Nature on a more expanded scale she treated in the landscapes and sea pieces mostly painted in the neighbourhood of Robin Hood’s Bay, between which locality and Chelsea she spent the greater part of her working life. Robin Hood’s Bay in Winter, with its distinct tang of weather, well displays her mastery of atmospheric effect.
In her later years, the desire to enlarge yet further her means of expression led her to study sculpture under Professor Havard Thomas. She produced a number of bronze figures, graceful in their deft modelling and of rare plastic quality.
Frances Hodgkins was born in New Zealand in 1869 and died in England in 1947.
When she left New Zealand aged thirty, she had earned enough money to get to Europe partly by giving piano lessons (she had been intended for a musical career) and partly by selling watercolours and doing black-and-white illustrations for the news papers. She had avowedly worked to make money quickly and these illustrations gave little indication of what she was to do later. She left England almost at once and spent her first European summer with a watercolour class in Brittany. But France, too, found her unsettled and uneasy. The freedom that she sought in Europe was difficult to accept because she was still not sure of her own direction. She went to Morocco and, from Tangier, with a native caravan to Tetuan where few white women had ever been. Years later that experience enabled her to turn from Monet, Sisley and Renoir to painters such as Gauguin and Matisse and to interpret their worlds with first-hand vision and originality. She herself regarded the Moroccan visit as the true beginning of her painting career.
When she first settled in England she began to do portraits, but what was of more interest than the portraits was that she began to develop a free, singing palette and an expressive form of composition that depended on her own imagination for its reality and not upon a clever summing-up of natural appearances. The difference can be seen in the Two Women with a Basket of Flowers, 1915, and the Double Portrait of 1922. The first belongs much more in kind to her work of the first decade of the twentieth century, the second to the beginning of her development after the war, when it became possible to see French pictures again, and when, under the influence of young English artists, she assessed and renewed the impressions that she had got before but had not begun to exploit.
Gwendolen Mary John was born on 22 June 1876 at Haverfordwest, Pembrokeshire.
Two events transformed her private life: her long intimacy with Rodin, and her adoption of the Catholic Faith.
Her art has a serenity which was not shaken, but rather enriched, by the various spiritual crises through which she passed.
Not that her work failed to develop. She moved in fact from a technique of painting in glazes or else thin fluid paint, gradually and delicately correcting as she went along, to a use of thick paint applied direct, without reworking.
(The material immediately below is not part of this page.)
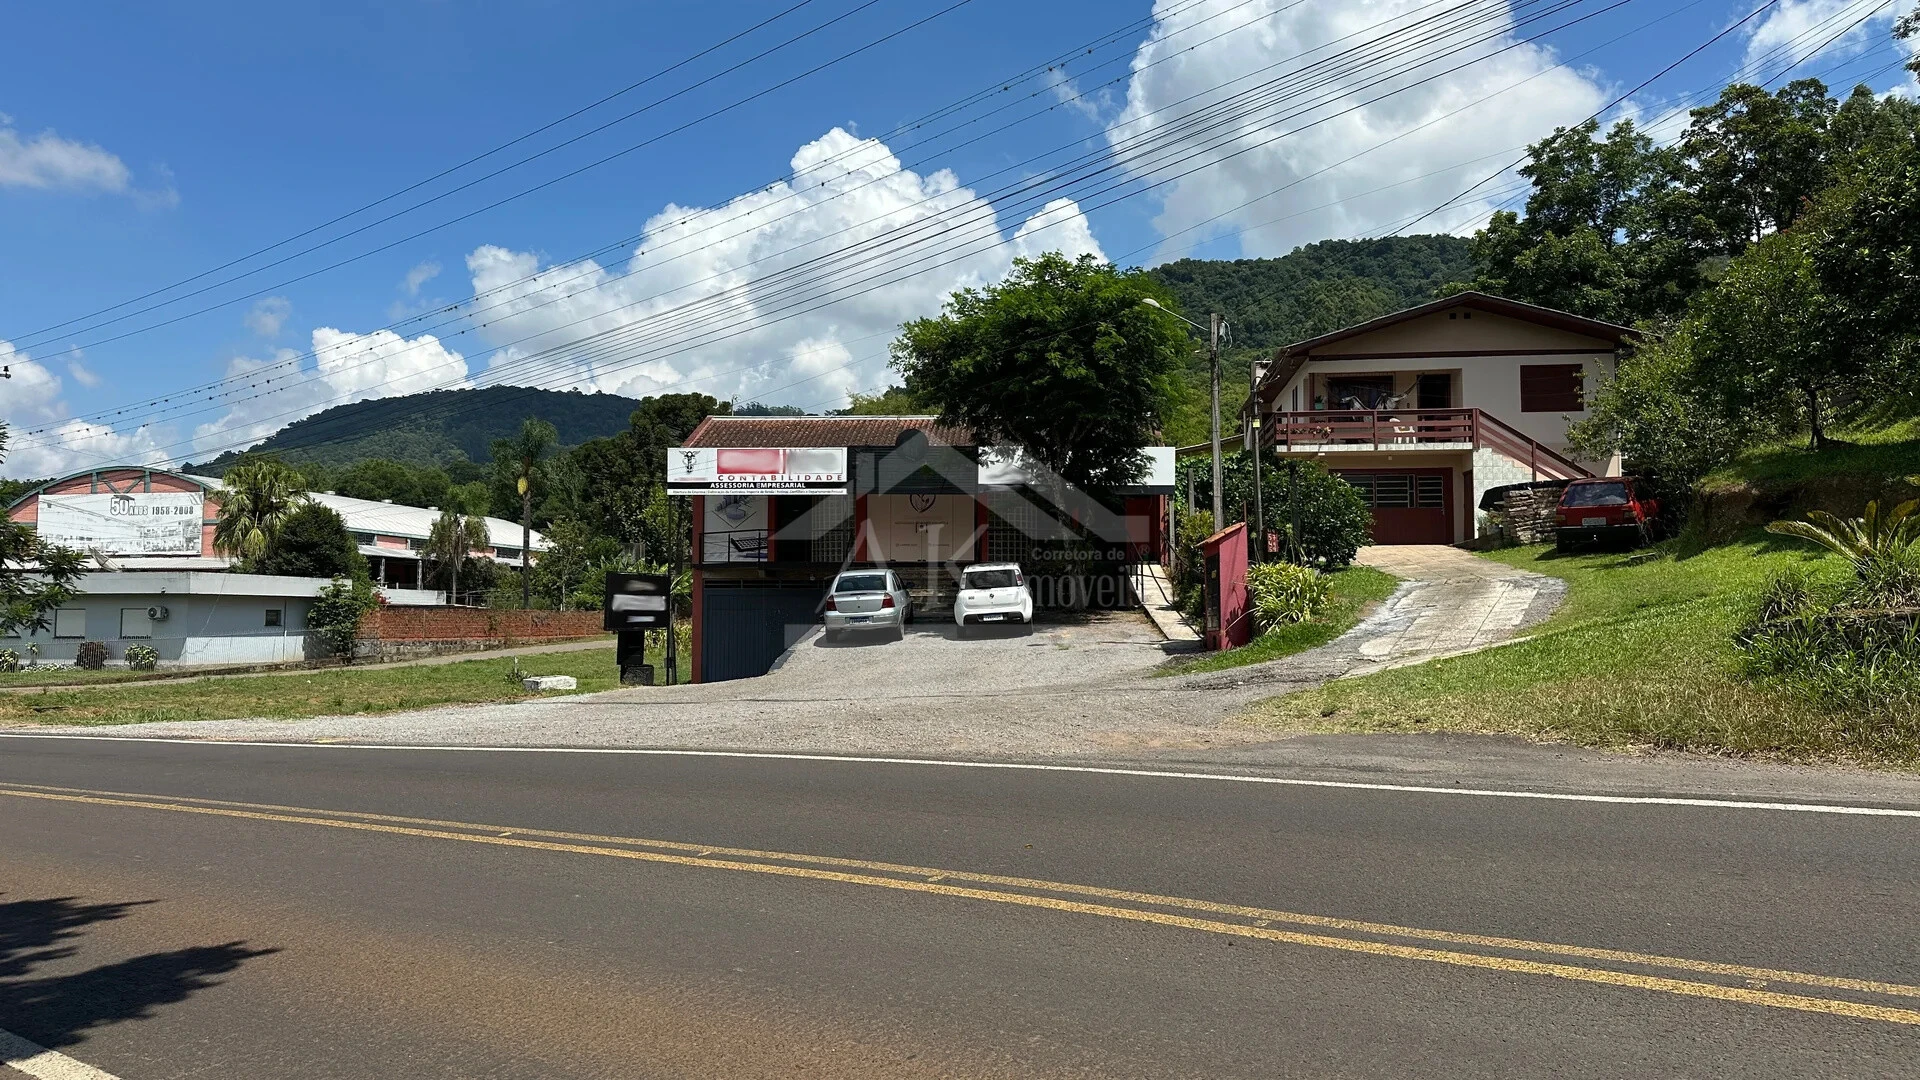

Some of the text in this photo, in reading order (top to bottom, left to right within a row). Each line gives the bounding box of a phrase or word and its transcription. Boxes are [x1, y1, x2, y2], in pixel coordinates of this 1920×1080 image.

Nothing could be more restricted than her subjects: her sister-in-law, Dorelia, a few nuns, a few orphan children, herself, some cats, a view from a window. Nor was her treatment of them various: her figures are represented singly and in simple poses; all (except the cats) are chaste and sad. Yet within this range of exceptional narrowness, she produced work that is not only highly original, but capable, no matter how small its scale, of evoking an impression of grandeur and radiance.